• **About this task**:
The records below are to be retyped in full. Keep every word.

• **Records supplied**:

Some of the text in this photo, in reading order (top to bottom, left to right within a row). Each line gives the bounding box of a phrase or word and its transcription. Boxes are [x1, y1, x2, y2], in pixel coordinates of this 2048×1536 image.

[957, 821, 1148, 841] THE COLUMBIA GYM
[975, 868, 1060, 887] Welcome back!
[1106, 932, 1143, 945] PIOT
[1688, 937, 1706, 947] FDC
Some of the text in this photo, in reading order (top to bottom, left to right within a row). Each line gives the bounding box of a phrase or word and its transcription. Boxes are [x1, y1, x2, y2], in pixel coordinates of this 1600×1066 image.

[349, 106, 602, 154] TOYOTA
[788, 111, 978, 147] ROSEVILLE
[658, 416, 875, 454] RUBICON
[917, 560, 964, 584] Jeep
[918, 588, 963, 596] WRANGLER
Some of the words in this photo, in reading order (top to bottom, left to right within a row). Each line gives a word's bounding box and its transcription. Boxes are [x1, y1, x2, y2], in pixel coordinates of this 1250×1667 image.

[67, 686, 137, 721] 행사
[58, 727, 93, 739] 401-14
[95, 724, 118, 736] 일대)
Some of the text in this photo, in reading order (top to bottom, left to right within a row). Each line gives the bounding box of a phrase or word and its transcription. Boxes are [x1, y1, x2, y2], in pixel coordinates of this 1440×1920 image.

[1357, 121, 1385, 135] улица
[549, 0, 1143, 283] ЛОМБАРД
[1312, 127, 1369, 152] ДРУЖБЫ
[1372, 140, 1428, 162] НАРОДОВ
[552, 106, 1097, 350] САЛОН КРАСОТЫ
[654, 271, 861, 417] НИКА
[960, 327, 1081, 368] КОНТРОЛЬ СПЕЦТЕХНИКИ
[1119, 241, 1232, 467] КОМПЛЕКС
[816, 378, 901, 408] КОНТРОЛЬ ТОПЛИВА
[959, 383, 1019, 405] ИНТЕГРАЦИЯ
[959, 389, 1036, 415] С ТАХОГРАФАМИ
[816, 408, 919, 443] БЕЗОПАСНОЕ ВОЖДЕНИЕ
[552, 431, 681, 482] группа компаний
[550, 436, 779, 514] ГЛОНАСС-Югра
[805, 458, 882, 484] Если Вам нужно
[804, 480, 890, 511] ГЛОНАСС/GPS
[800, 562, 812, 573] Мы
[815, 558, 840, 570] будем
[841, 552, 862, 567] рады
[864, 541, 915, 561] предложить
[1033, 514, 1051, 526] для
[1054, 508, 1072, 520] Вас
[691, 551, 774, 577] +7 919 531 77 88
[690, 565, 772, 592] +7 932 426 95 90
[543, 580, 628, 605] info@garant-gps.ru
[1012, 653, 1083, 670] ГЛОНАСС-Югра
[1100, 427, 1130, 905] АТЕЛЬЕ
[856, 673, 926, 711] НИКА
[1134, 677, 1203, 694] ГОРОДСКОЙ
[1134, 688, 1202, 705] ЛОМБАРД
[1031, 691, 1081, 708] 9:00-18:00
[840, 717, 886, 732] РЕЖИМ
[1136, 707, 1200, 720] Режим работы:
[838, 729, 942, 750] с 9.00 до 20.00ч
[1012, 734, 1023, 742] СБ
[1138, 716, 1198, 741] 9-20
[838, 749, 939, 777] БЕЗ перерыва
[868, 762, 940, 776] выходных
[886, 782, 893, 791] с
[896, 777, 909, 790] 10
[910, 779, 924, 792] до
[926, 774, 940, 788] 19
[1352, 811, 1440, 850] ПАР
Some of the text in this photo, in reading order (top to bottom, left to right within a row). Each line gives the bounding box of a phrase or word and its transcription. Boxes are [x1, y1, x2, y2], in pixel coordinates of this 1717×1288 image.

• **Answer space**:
Some of the text in this photo, in reading order (top to bottom, left to right within a row). Each line gives the bounding box of a phrase or word and its transcription. Boxes are [x1, y1, x2, y2], in pixel coordinates of this 2048×1536 image.

[957, 821, 1148, 841] THE COLUMBIA GYM
[975, 868, 1060, 887] Welcome back!
[1106, 932, 1143, 945] PIOT
[1688, 937, 1706, 947] FDC
Some of the text in this photo, in reading order (top to bottom, left to right within a row). Each line gives the bounding box of a phrase or word and its transcription. Boxes are [x1, y1, x2, y2], in pixel coordinates of this 1600×1066 image.

[349, 106, 602, 154] TOYOTA
[788, 111, 978, 147] ROSEVILLE
[658, 416, 875, 454] RUBICON
[917, 560, 964, 584] Jeep
[918, 588, 963, 596] WRANGLER
Some of the words in this photo, in reading order (top to bottom, left to right within a row). Each line gives a word's bounding box and its transcription. Boxes are [x1, y1, x2, y2], in pixel coordinates of this 1250×1667 image.

[67, 686, 137, 721] 행사
[58, 727, 93, 739] 401-14
[95, 724, 118, 736] 일대)
Some of the text in this photo, in reading order (top to bottom, left to right within a row). Each line gives the bounding box of a phrase or word and its transcription. Boxes are [x1, y1, x2, y2], in pixel coordinates of this 1440×1920 image.

[1357, 121, 1385, 135] улица
[549, 0, 1143, 283] ЛОМБАРД
[1312, 127, 1369, 152] ДРУЖБЫ
[1372, 140, 1428, 162] НАРОДОВ
[552, 106, 1097, 350] САЛОН КРАСОТЫ
[654, 271, 861, 417] НИКА
[960, 327, 1081, 368] КОНТРОЛЬ СПЕЦТЕХНИКИ
[1119, 241, 1232, 467] КОМПЛЕКС
[816, 378, 901, 408] КОНТРОЛЬ ТОПЛИВА
[959, 383, 1019, 405] ИНТЕГРАЦИЯ
[959, 389, 1036, 415] С ТАХОГРАФАМИ
[816, 408, 919, 443] БЕЗОПАСНОЕ ВОЖДЕНИЕ
[552, 431, 681, 482] группа компаний
[550, 436, 779, 514] ГЛОНАСС-Югра
[805, 458, 882, 484] Если Вам нужно
[804, 480, 890, 511] ГЛОНАСС/GPS
[800, 562, 812, 573] Мы
[815, 558, 840, 570] будем
[841, 552, 862, 567] рады
[864, 541, 915, 561] предложить
[1033, 514, 1051, 526] для
[1054, 508, 1072, 520] Вас
[691, 551, 774, 577] +7 919 531 77 88
[690, 565, 772, 592] +7 932 426 95 90
[543, 580, 628, 605] info@garant-gps.ru
[1012, 653, 1083, 670] ГЛОНАСС-Югра
[1100, 427, 1130, 905] АТЕЛЬЕ
[856, 673, 926, 711] НИКА
[1134, 677, 1203, 694] ГОРОДСКОЙ
[1134, 688, 1202, 705] ЛОМБАРД
[1031, 691, 1081, 708] 9:00-18:00
[840, 717, 886, 732] РЕЖИМ
[1136, 707, 1200, 720] Режим работы:
[838, 729, 942, 750] с 9.00 до 20.00ч
[1012, 734, 1023, 742] СБ
[1138, 716, 1198, 741] 9-20
[838, 749, 939, 777] БЕЗ перерыва
[868, 762, 940, 776] выходных
[886, 782, 893, 791] с
[896, 777, 909, 790] 10
[910, 779, 924, 792] до
[926, 774, 940, 788] 19
[1352, 811, 1440, 850] ПАР
Some of the text in this photo, in reading order (top to bottom, left to right within a row). Each line gives the bounding box of a phrase or word and its transcription. Boxes are [x1, y1, x2, y2], in pixel coordinates of this 1717×1288 image.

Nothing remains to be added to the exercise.